Its taste is refreshing and crisp, and the combination of red cabbage moss and sausage is more delicious. It will soon be popular for frying, and its taste is fragrant, salty and crisp. In March and April, the leaves of red cabbage moss are tender and fragrant, so hurry up and we can eat more games. Now I recommend the way of "fried sausage with red cabbage moss" to everyone, and my favorite friends can do it against the recipe.
Sauté ed sausage food with red cabbage moss: red cabbage moss 1 a lot, one sausage, garlic 1 head, ginger 1 block, 4 dried peppers, 1 spoon oil consumption, a small amount of salt, white pepper and appropriate amount of rice vinegar. Practice:
The first step is to prepare the necessary staple food. Remove the hard club head of red cabbage moss, red cabbage moss 1 large, one sausage, garlic 1 head, ginger 1 block, 4 dried chilies, 1 spoon oil consumption, a small amount of salt, white pepper and appropriate amount of rice vinegar. Select the tender part, and stir-fry the ginger foam for fragrance. Add sausage slices and fry until the meat is pink and oily. Stir-fry the cabbage moss cut into small pieces. When the cabbage moss fades, put 1 spoon to consume oil and clean it up. Wash and drain the red cabbage moss and cut it into sections for later use. Slice sausage, dry cut Chili, slice garlic and chop ginger.

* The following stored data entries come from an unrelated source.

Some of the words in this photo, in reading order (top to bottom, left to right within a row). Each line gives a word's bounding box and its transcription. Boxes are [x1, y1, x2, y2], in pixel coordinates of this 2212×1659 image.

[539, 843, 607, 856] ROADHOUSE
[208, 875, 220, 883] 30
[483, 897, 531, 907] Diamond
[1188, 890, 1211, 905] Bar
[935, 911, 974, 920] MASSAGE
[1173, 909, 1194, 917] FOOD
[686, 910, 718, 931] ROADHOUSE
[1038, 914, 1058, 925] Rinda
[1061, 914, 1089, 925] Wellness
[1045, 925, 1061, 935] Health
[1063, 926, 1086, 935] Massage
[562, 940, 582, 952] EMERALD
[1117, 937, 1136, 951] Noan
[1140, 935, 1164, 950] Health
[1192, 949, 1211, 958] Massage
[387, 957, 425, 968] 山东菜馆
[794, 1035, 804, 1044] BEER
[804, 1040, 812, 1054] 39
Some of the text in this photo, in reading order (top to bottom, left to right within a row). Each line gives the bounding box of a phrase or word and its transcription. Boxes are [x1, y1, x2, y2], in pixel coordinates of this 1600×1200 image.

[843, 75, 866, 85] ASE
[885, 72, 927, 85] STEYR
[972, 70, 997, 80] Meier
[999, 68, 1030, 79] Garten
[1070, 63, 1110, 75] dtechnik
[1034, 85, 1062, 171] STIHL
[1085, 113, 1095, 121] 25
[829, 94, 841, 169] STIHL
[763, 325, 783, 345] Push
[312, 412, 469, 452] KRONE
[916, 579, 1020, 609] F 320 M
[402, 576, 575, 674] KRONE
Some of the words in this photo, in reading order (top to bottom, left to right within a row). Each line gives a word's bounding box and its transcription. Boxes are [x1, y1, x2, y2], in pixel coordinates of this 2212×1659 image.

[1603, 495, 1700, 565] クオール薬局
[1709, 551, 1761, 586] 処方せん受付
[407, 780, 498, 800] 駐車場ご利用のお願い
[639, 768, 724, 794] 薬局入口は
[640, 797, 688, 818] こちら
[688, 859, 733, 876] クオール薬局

Step 2: Heat the wok with oil, add ginger foam, garlic and ginger foam and stir-fry until fragrant. Add sausage slices and fry until the meat is pink and oily. Stir-fry the cabbage moss cut into small pieces. When the cabbage moss fades, stir-fry the red cabbage moss with 1 spoonful of oil, a little salt and white pepper. Finally, before cooking, put in a proper amount of edible vinegar, which is more delicious. This method is the best, fragrant and crisp, and it can be done in 10min, but there is always not enough to eat.